Türkiye ekonomisi hem Suriye, Irak, Mısır gibi ihracat pazarlarındaki kan kaybı hem de iç talepteki durgunluk nedeni ile büyümede iyi bir performans sergileyemiyor. Siz ekonomide 2015 için nasıl bir tablo çiziyorsunuz?

Ortadoğu’da yaşanan karışıklıkların, savaş halinin önümüzdeki yıllarda da devam edeceği görünüyor. İhracat için yeni pazar bulamayan, Avrupa ve Yakındoğu pazarına giremeyen ihracatçıyı daha da zorlaşacak günler bekliyor. 2015 yılı ekonomisinden bahsedebilmek tamamen siyasal konjonktürün nasıl yol belirleyeceği ile ilgili. Siyasal istikrar, ekonominin de istikrarını belirleyecektir. Şu an için her şey çok flu. Özellikle Amerika Merkez Bankası FED’in de 2008’den bu yana genişleme politikasıyla gelişmekte olan ülkelerde parasal bolluğu sağlama politikasının 2013’ten bu yana daraltılması, şimdi de en çok konuşulan ve beklenen faiz artışının sonbaharda gerçekleşmesi diğer gelişmekte olan ülkeler gibi Türkiye’yi de kötü yönde etkileyecektir.  Her ülkenin kriz algısı aynı olmamakta. Kimi ülke vatandaşları işsizlik verilerine, kimisi enflasyona karşı hassasken bizim ülke vatandaşımız da kötü tecrübelerinden ötürü doların değerine karşı hassas. Vatandaşın dolar üzerinden ihtiyatlı olma yaklaşımı piyasaları her zaman daha zor durumda bırakmıştır.

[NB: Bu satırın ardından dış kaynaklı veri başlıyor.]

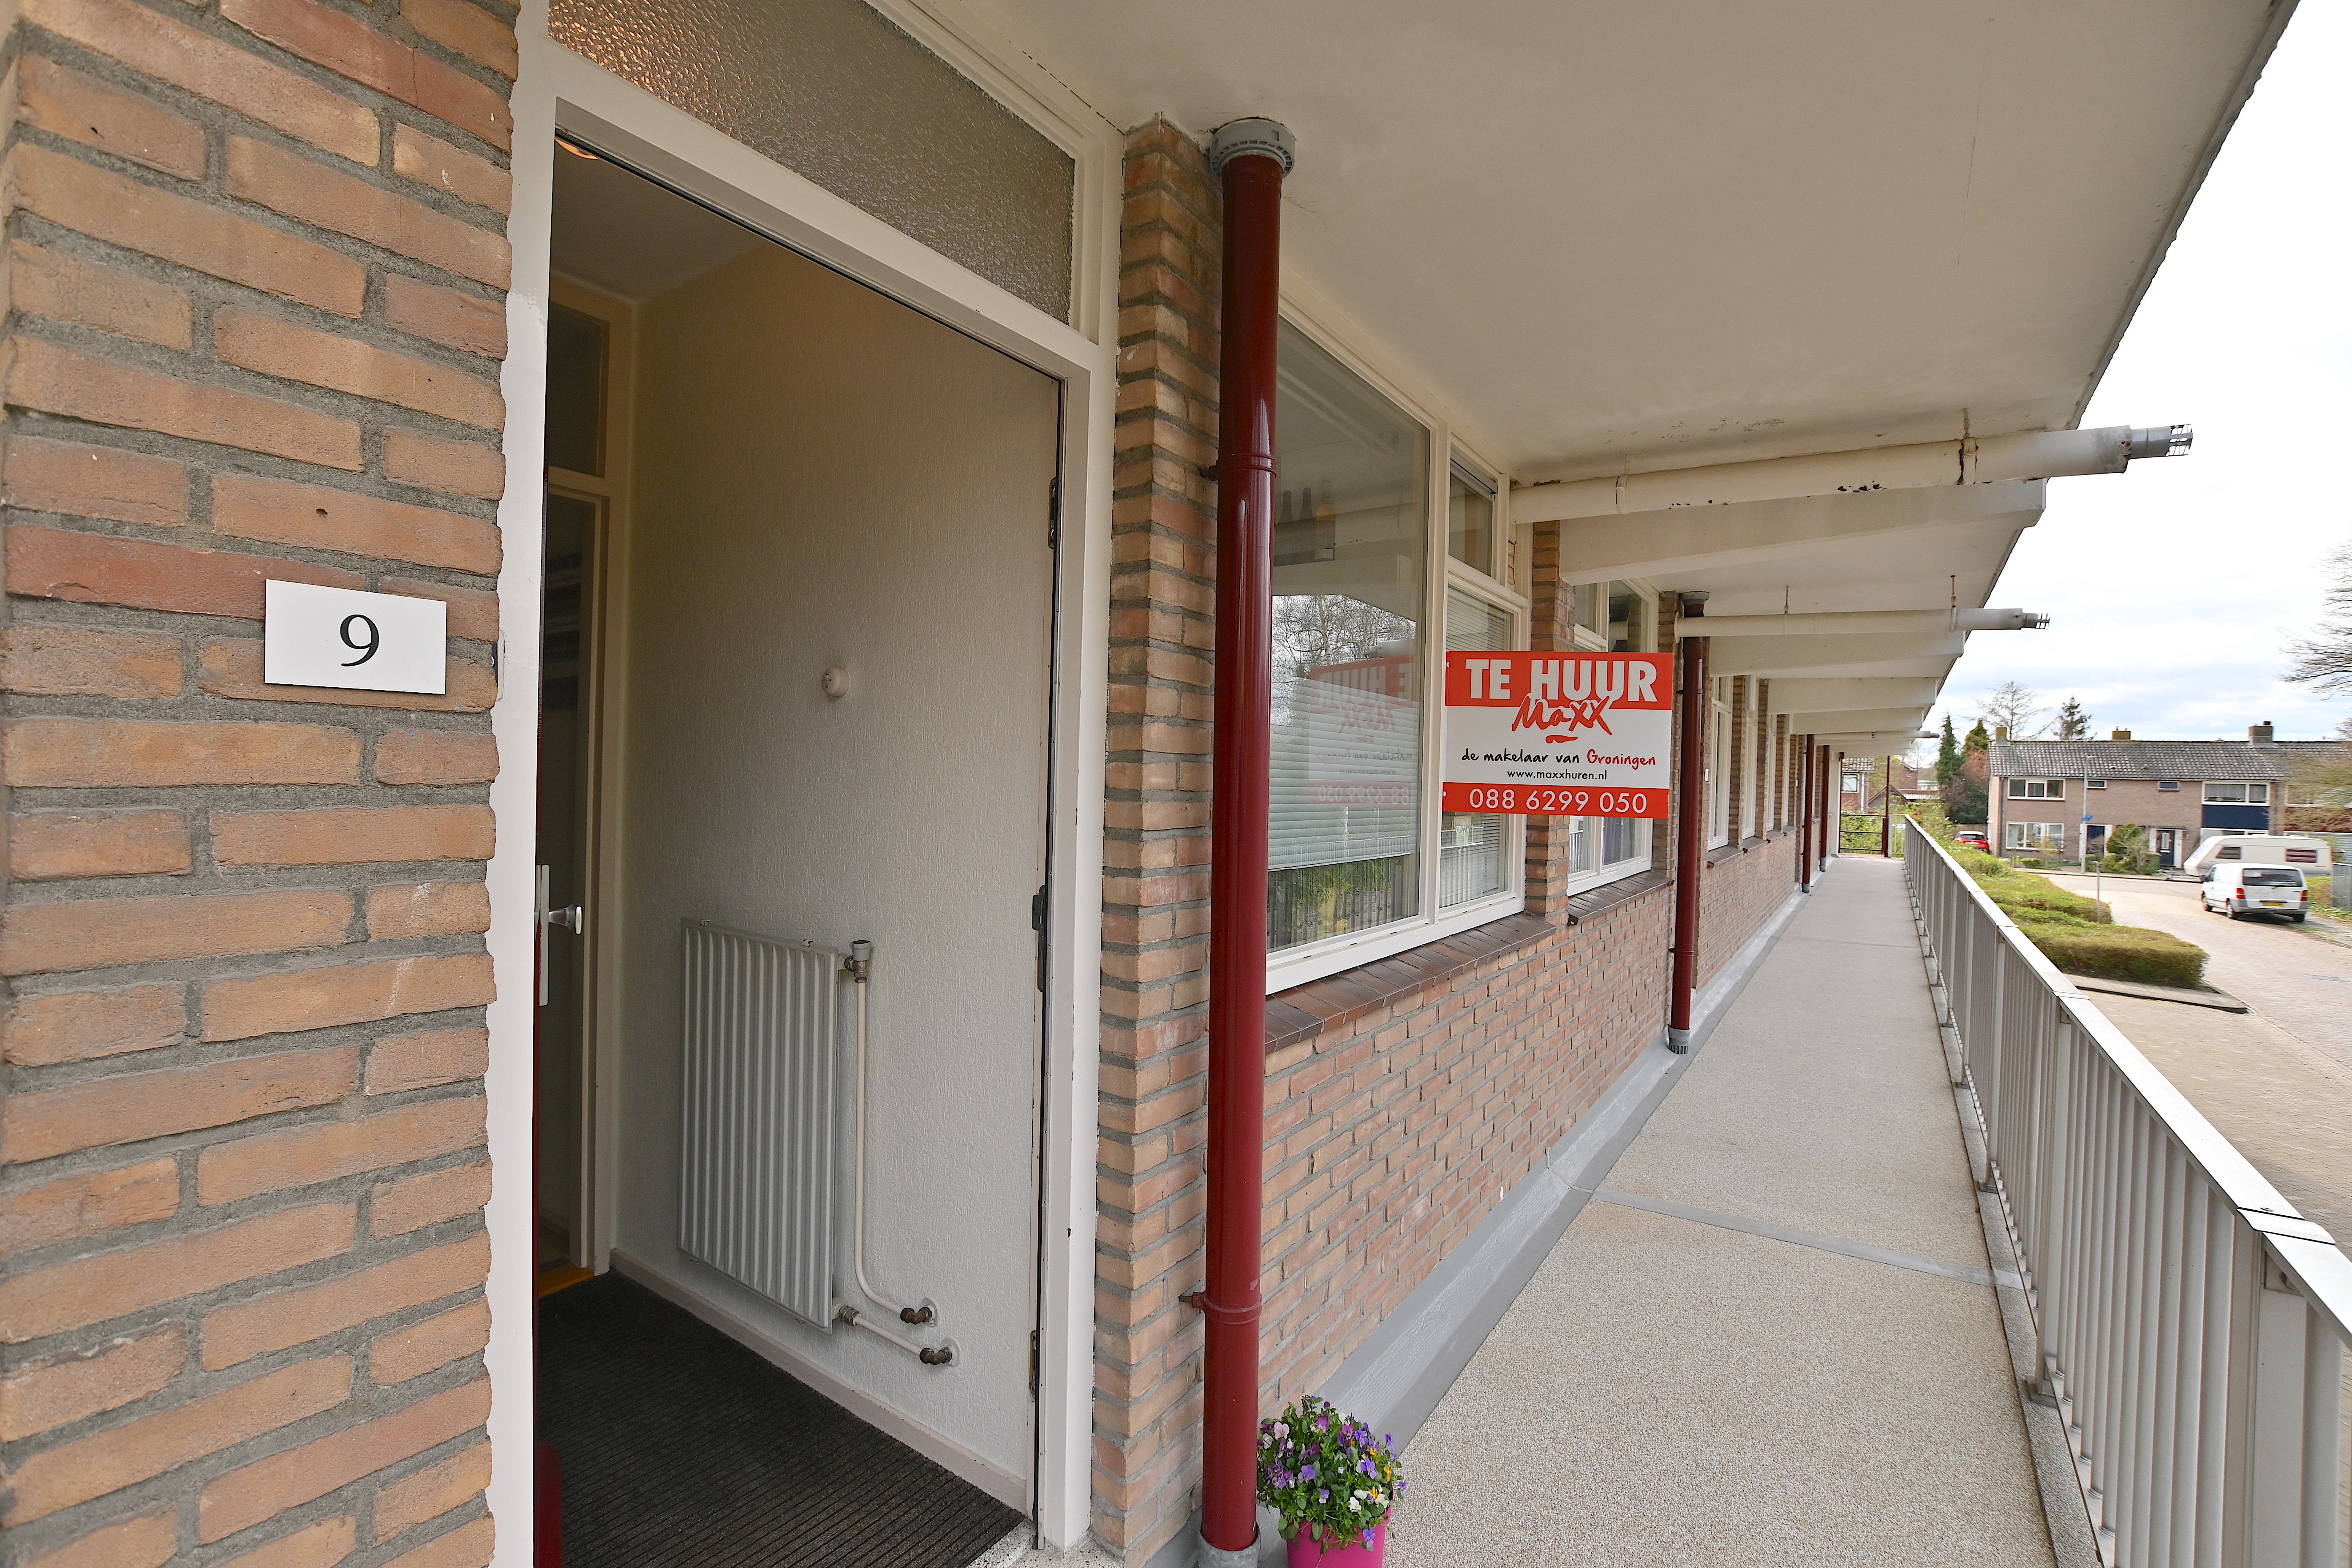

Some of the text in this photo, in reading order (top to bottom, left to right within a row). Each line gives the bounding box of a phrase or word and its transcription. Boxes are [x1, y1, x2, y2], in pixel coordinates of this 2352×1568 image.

[340, 614, 379, 667] 9
[1465, 659, 1658, 702] TE HUUR
[1511, 696, 1612, 735] Maxx
[1462, 747, 1655, 770] de makelaar van Groningen
[1507, 769, 1607, 780] www.maxxhuren.nl
[1469, 788, 1647, 813] 088 6299 050
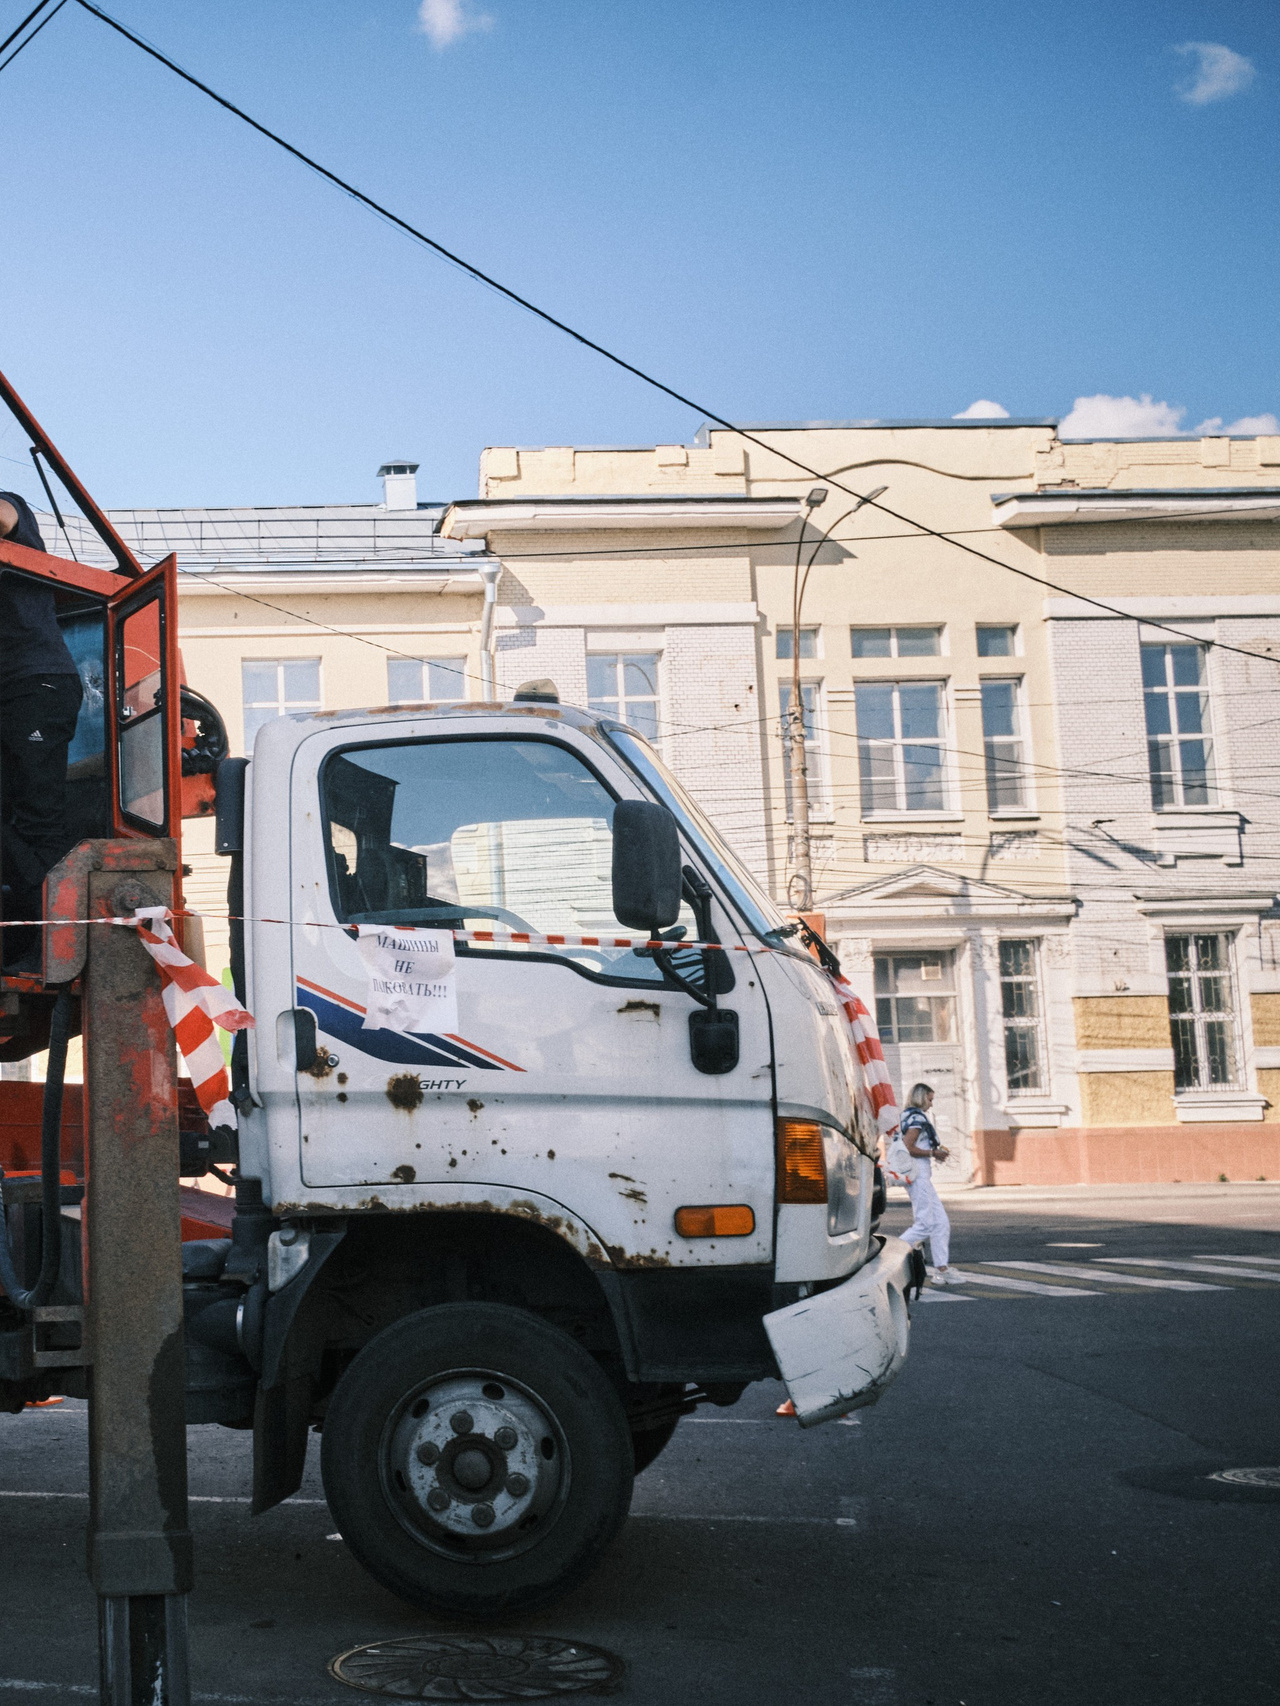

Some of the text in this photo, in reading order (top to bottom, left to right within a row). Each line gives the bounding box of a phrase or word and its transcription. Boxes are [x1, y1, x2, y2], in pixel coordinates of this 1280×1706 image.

[376, 935, 439, 953] МАШИНЫ
[394, 960, 415, 974] НЕ
[417, 1079, 467, 1090] GHTY
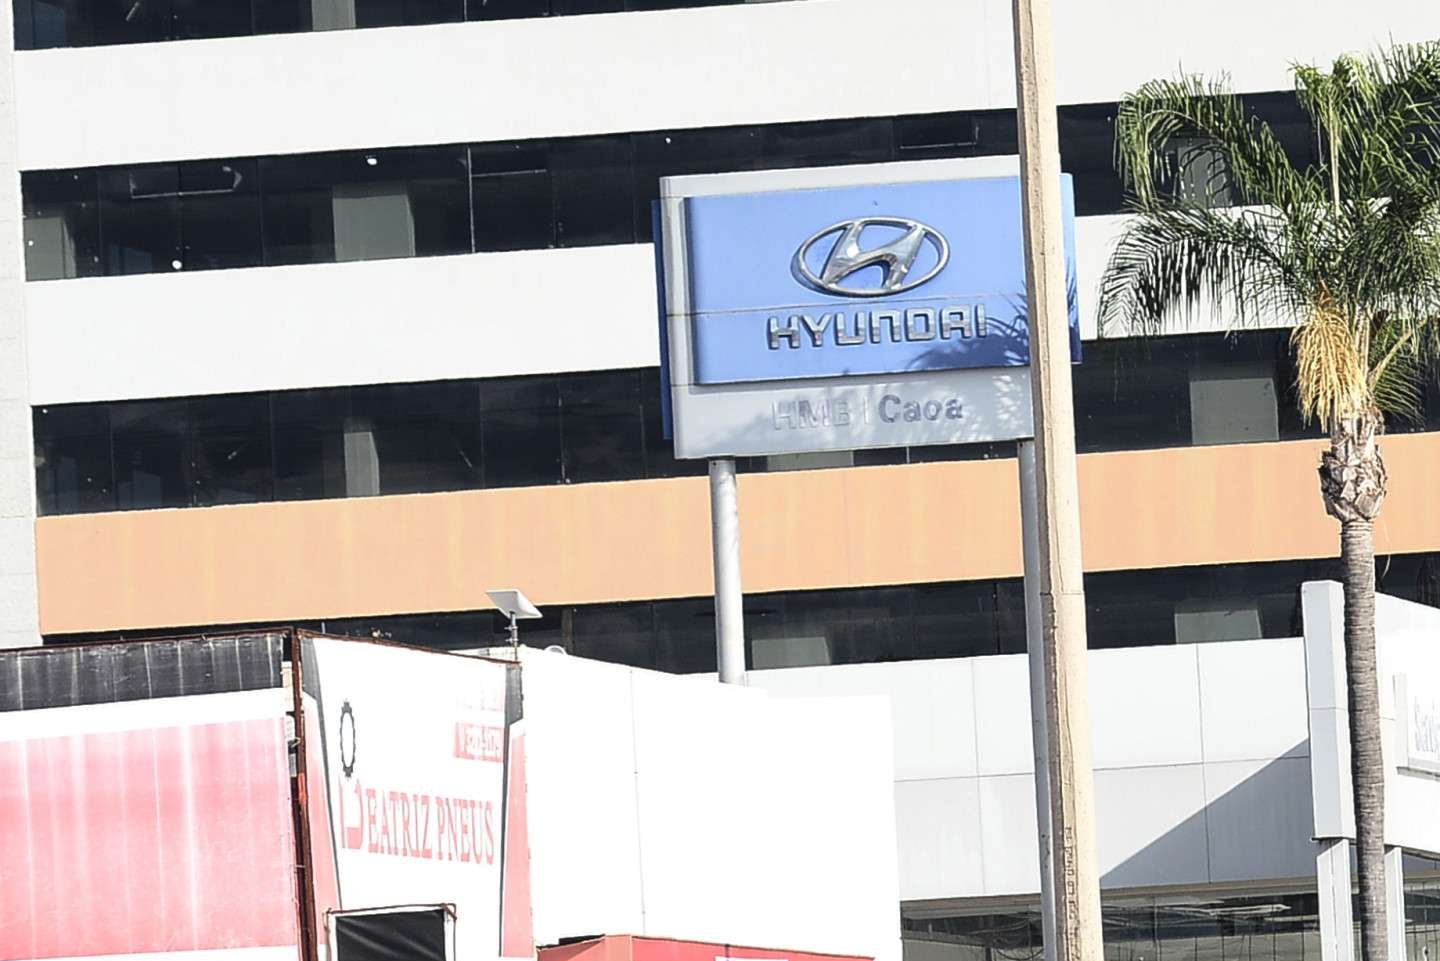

DİKAD'ın kadına şiddete karşı hazırladığı "Yüzümüze bakmaya yüzünüz olsun" afişleri çok konuşuldu. Yeni dönemde de bu tarz farkındalık projeleriniz olacak mı?

Elbette olacak. Şiddet unsuru maalesef her yönüyle çok parçalı bir sorun. Kadınların uğradığı şiddet iki ana başlıkla incelenmeli. Bunlar cinsiyet temeline dayananlar ve cinsiyetçilikten bağımsız uğranılan şiddet konularıdır. Bizler kadın örgütleri olarak özellikle cinsiyet temelli uygulanan şiddet üzerinde yoğunlaşmaktayız. Çünkü cinsiyetçilik; ayrımcılık biçimlerinden çok daha köklü, yaygın, ekonomik sistemlerdeki üretim tarzlarının uzantısı ya da sonucu değillerdir.  Bu temelde karşı karşıya kaldığımız en önemli unsur; kadının kendine yönelik şiddetin kışkırtıcısı olduğu kanısıyla kadının bir kez daha mağdur edilmesidir. Erkeğin uyguladığı şiddet karşısında; kadın ya olaya yol açmıştır, adamı kızdırmıştır, tahrik etmiştir, ya da en azından alttan alıp olayı engelleme görevini yerine getirmemiştir algısıyla mücadele etme çabasındayız. Ve ne yazık ki bu algı cinsiyet ayrımı gözetmeksizin toplumun tüm bileşenlerinde en yaygın olan algıdır. İlk farkındalık çalışmamız şiddetin öznesi niteliğindeki erkeklere yönelik oldu. Diğer çalışmamızda kadın şiddetine referans gösterilen toplumsal unsurları hedeflemekteyiz. Şu an bunun üzerinde yoğunlaşmış durumdayız.